There was also the workshop on the ground floor. John Shakespeare made gloves in this ground floor workshop and sold them from the window ledge on to the busy Henley Street. John was also a ‘whittawer’, making his own leather from the skins of deer, horses, goats and sheep.
From here you go upstairs. Walking up the stairs there are three bedrooms:
- the children’s bedroom (there were two bedrooms)
- John & Mary Shakespeare’s Bedroom
There were two bedrooms for the children – one for the boys and one for the girls. From the age of five William shared a bedroom with his younger brothers Gilbert and Richard. Whilst the room is light, and of a decent size, it contained only one bed that the three boys shared from five years old until they got married. In Tudor times there was much suspicion around demons and spirits, leading the children to sleep sitting upright.

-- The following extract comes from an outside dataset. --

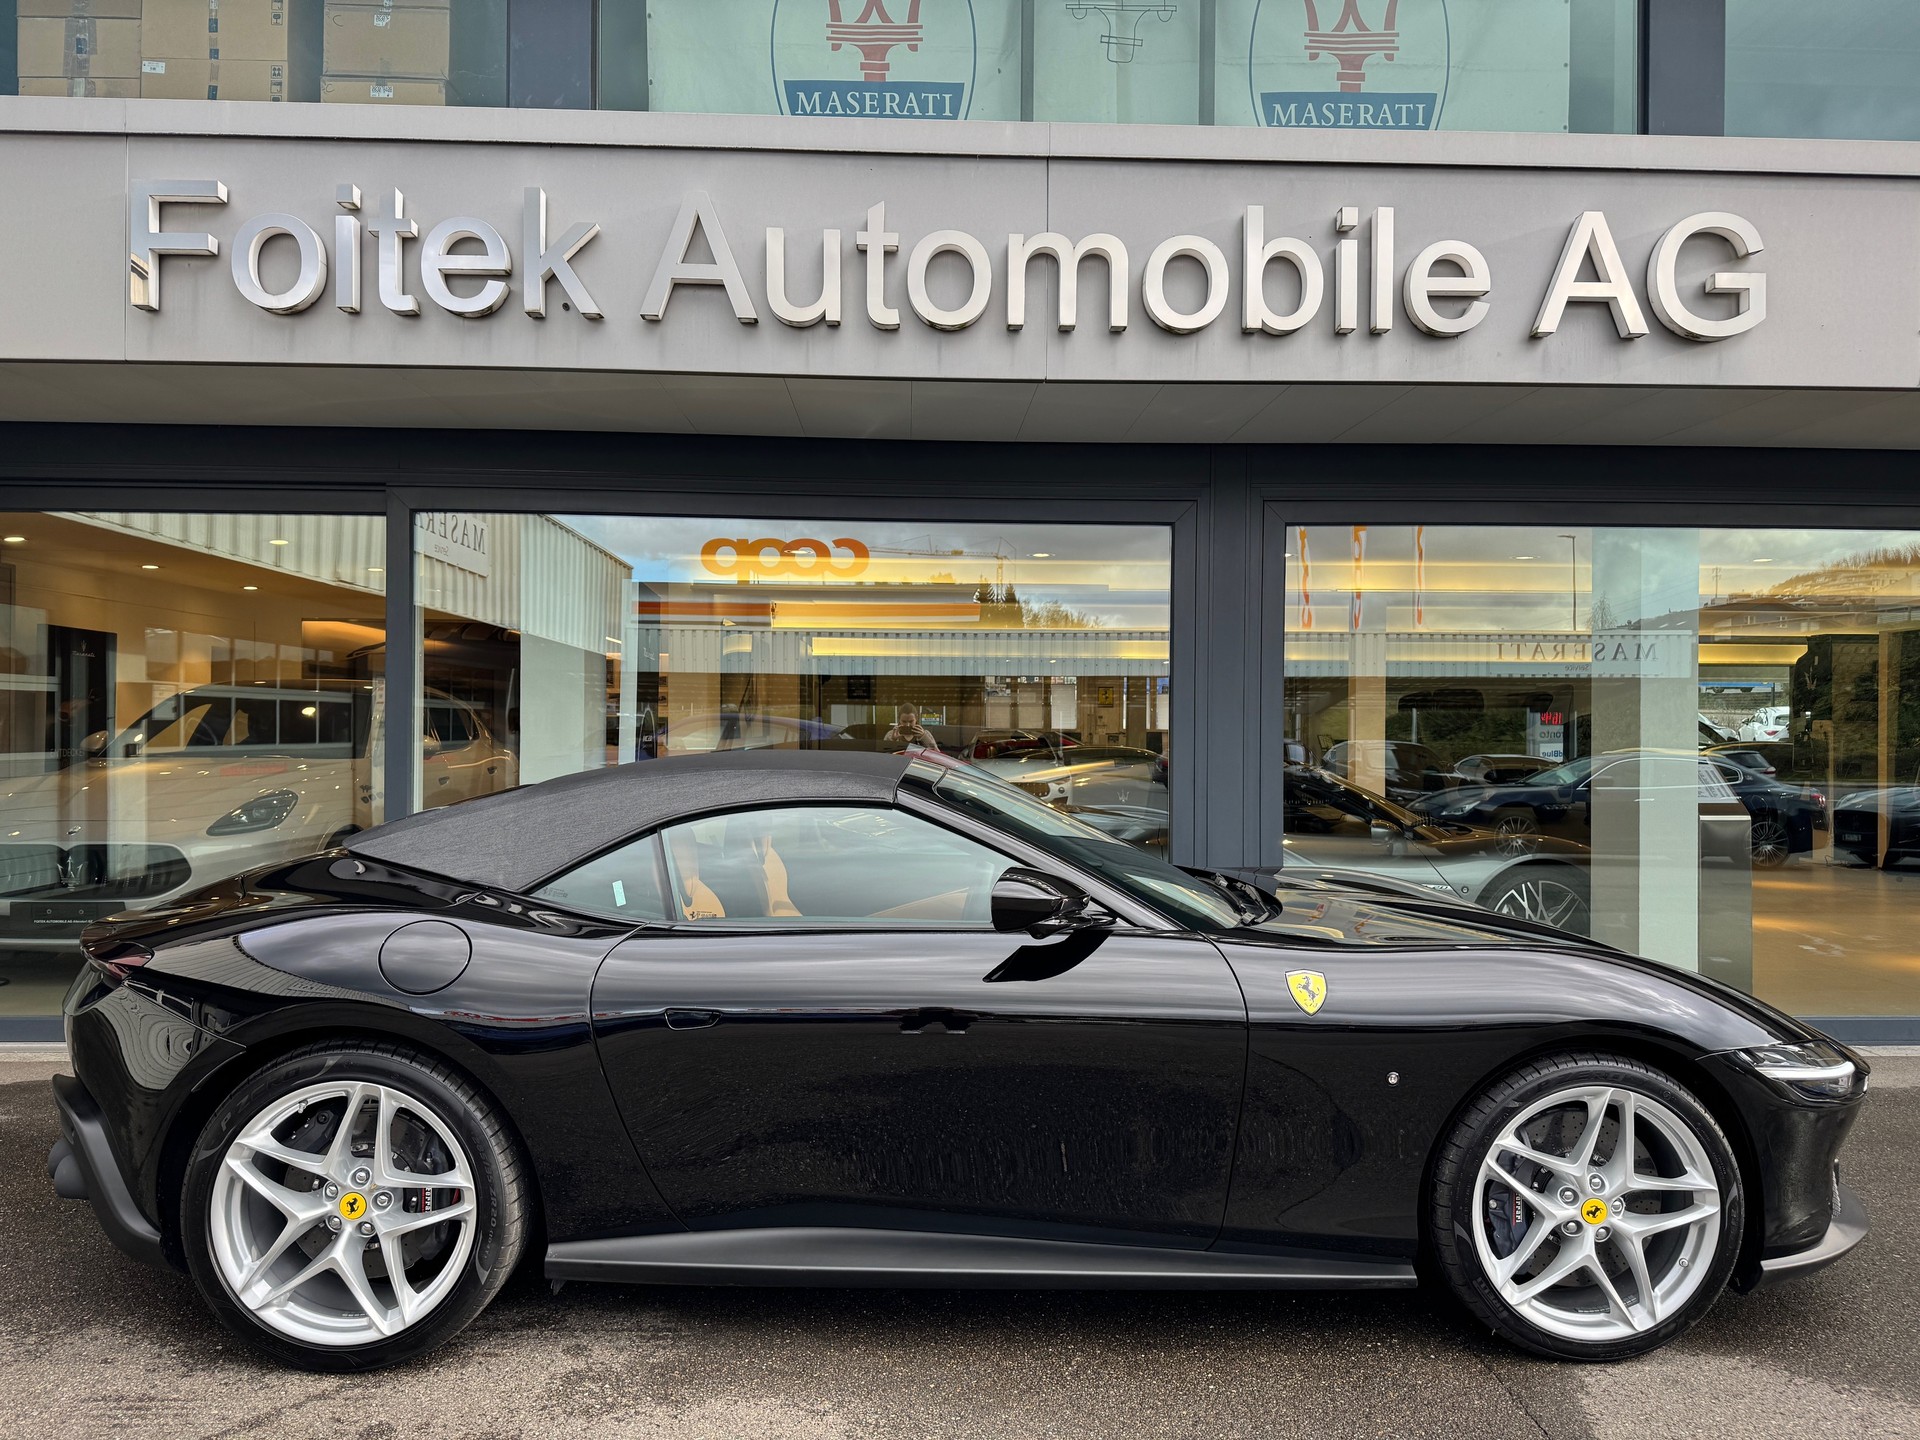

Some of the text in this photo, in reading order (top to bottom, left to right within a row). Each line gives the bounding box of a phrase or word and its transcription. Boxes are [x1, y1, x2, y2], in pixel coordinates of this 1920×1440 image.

[795, 91, 953, 117] MASERATI
[1272, 102, 1426, 128] MASERATI
[130, 179, 1767, 343] Foitek Automobile AG

Next door to the boys room, and above the workshop was a similar set up for the girls bedroom, though for most of her childhood Joan Shakespeare was the sole occupant of this bedroom as her two elder sisters before she was born, and her younger sister died at eight years old, having spent her first five years sleeping in their parents bedroom.
Next you have John & Mary Shakespeare’s Bedroom.
A couple of surprising facts the guides in the house tell you are that:
- Fires weren’t allowed in Stratford after 8pm, due to the risk of fire damaging the wooden frames, thatched-roofed houses.
- Although the house has windows today in what looks like authentic glazing, glass was only put into the windows around 1670, after Shakespeare’s time. Until then the house simply had wooden shutters over the windows.
Both of these facts would explain why it was common for lots of family members to sleep in the same bed – primarily to stay warm!
There are so many interesting stories that the guides can tell you so make you ask them questions, listen to their stories and you’ll learn a lot.
You could argue it’s overpriced but we left wiser than when we started and you can’t put a price on that.